Once the pictures are set aside, reproduce the remaining data exactly.

━━ EXERCISE DATA ━━

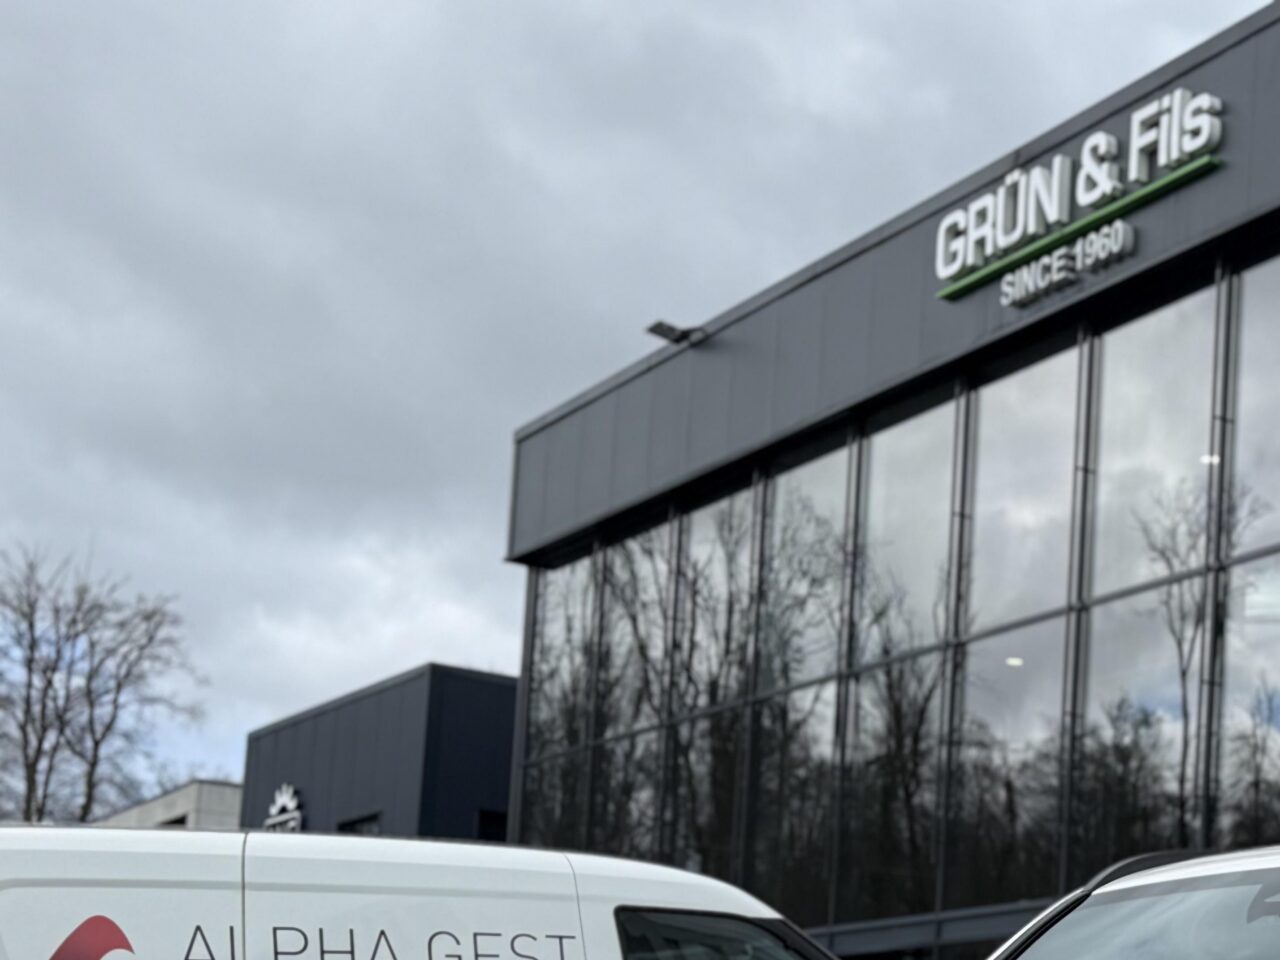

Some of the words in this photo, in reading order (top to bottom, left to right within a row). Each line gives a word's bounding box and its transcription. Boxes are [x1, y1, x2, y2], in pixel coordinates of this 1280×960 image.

[935, 154, 1069, 280] GRÜN
[1076, 130, 1120, 208] &
[1128, 87, 1222, 182] Fils
[1000, 245, 1070, 306] SINCE
[1075, 218, 1134, 271] 1960

━━━

YOUR RESPONSE:
Some of the words in this photo, in reading order (top to bottom, left to right within a row). Each line gives a word's bounding box and its transcription. Boxes are [x1, y1, x2, y2], in pixel coordinates of this 1280×960 image.

[935, 154, 1069, 280] GRÜN
[1076, 130, 1120, 208] &
[1128, 87, 1222, 182] Fils
[1000, 245, 1070, 306] SINCE
[1075, 218, 1134, 271] 1960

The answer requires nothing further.